H2O2 itself is a rather weakly reactive ROS but can react in the Fenton reaction to form
highly reactive hydroxyl radicals (●OH), that can damage cells in a variety of ways and
induce cell death. The cell and its organelles are bounded by biological membranes
that differ in their permeability to H2O2. Aquaporins (AQPs) are water-transporting
transmembrane proteins, and some isoforms have been shown to facilitate a bidirectional transport of H2O2 across cellular membranes in addition to water. The role of
AQP8 was investigated in an insulin-producing cell model by stably overexpressing
AQP8 (AQP8↑) and by a CRISPR/Cas9-mediated AQP8 knockout. However, AQP8
proved to be an essential protein for the viability of the insulin-producing RINm5F cells, and so we established a tet-on-regulated AQP8 knockdown (AQP8 KD). Our results highlight that AQP8 is involved in H2O2 transport across the plasma and mitochondrial membranes, and that AQP8 expression gets upregulated by proinflammatory cytokines (in vitro) and in an acutely diabetic rat model (in vivo).

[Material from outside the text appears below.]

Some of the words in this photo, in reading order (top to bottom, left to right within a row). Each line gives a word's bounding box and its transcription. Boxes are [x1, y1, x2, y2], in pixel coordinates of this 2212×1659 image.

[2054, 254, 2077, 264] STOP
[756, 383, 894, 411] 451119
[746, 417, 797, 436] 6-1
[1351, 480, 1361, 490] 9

Furthermore, it was shown that the increased proinflammatory cytokine toxicity is due to enhanced mitochondrial oxidative stress, because H2O2 cannot be efficiently transported in AQP8 KD cells and ●OH
are increasingly generated. Caspase activity then raises, and apoptosis is increasingly
induced coupled with a proportion of ferroptosis-mediated cell death because of a concomitant decrease in nitric oxide (NO●) concentration. In conclusion, AQP8 is localized in the plasma and mitochondrial membrane of insulin-producing RINm5F cells, where it is involved in H2O2 transport. In T1D, AQP8 plays an important role in the transport of H2O2 from the mitochondrial matrix to the cytosol so that the concentration is lowered in the mitochondria. This wider distribution of H2O2 may ease the inactivation of H2O2.